3. Satu tangan fisioterapis sebagai stabilisasi pada sisi medial knee
pasien dan satu tangan fisioterapis pada distal tibia pasien
c. Teknik Pelaksanaan
1. Fisioterapis menarik belt kearah medial melalui bokongnya
sementara satu tangan fisioterapis menstabilisasi knee joint pasien.

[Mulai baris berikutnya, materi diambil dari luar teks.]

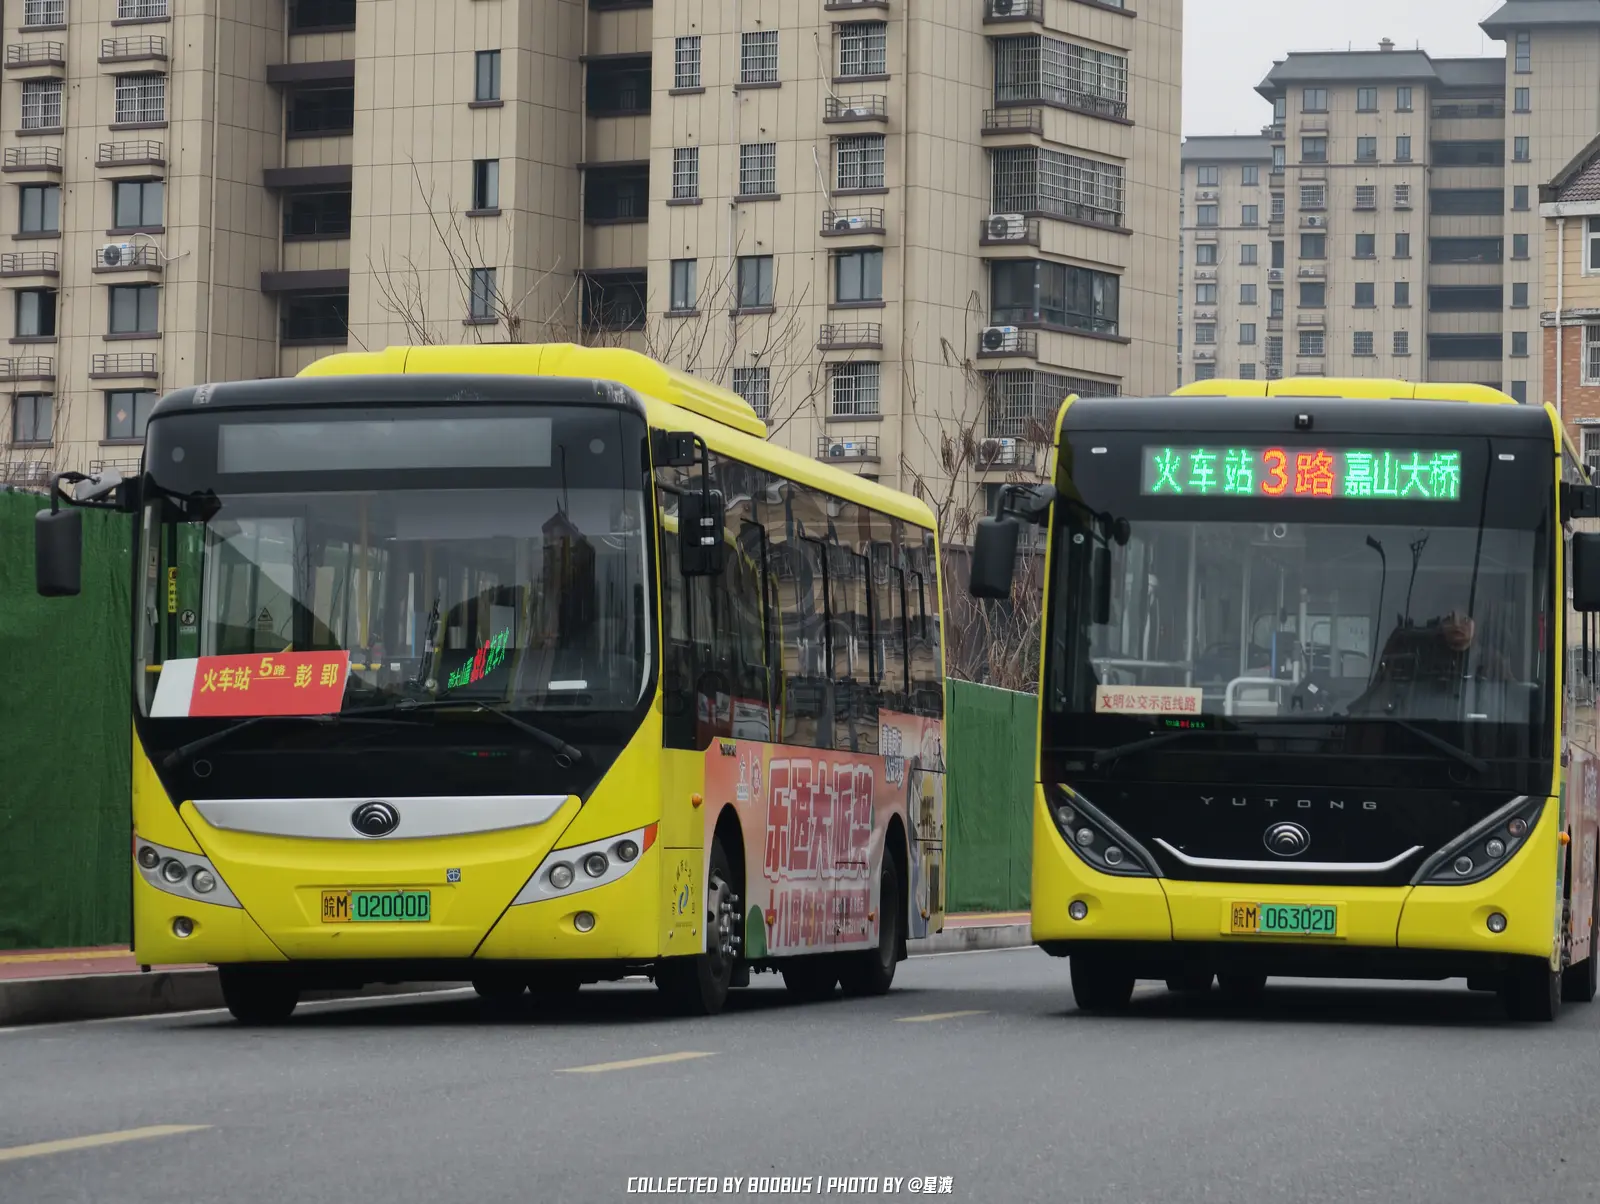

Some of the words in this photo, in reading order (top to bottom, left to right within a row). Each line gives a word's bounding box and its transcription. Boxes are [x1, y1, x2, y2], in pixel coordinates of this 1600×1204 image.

2. Kemudian, pasien diminta untuk menggerakkan knee kearah fleksi
sementara tangan fisioterapis dapat memberikan overpressure pada
akhir gerakan
2. Dorsal Glide
a. Persiapan pasien
1. Pasien dalam posisi terlentang .
2. Knee diposisikan pada awal keterbatasannya
b. Persiapan fisioterapis dan peletakan tangan/belt :
1. Fisioterapis berdiri di samping tungkai pasien.
2. Pasang belt di ujung distal tibia – ankle pasien dan di tangan
pasien.
3. Satu tangan fisioterapis sebagai di tuberositas tibia dan satu
tangan fisioterapis pada distal tibia pasien
c. Teknik Pelaksanaan
1. Tangan fisioterapis mendorong tuberositas tibia kearah dorsal
sementara tangan pasien menarik belt kearah fleksi.
2. Pada saat tangan pasien menarik belt kearah fleksi maka tangan
fisioterapis dapat memberikan overpressure pada akhir gerakan.
d. Dosis
Dosis yang digunakan adalah repetisi gerak aktif fleksi sebanyak 8 –
10 kali dengan 2 set, jumlah intervensi sebanyak 6 kali.
B. Evaluasi
a. Evaluasi sesaat
- Nyeri berkurang
- Adanya penambahan ROM
b. Evaluasi akhir
Setelah 4 kali terapi nyeri yang di rasakan pasien sudah berkurang,
kekakuan sudah berkurang (pasien sudah mampu menekuk lututnya di
banding sebelum pasien difisioterapi).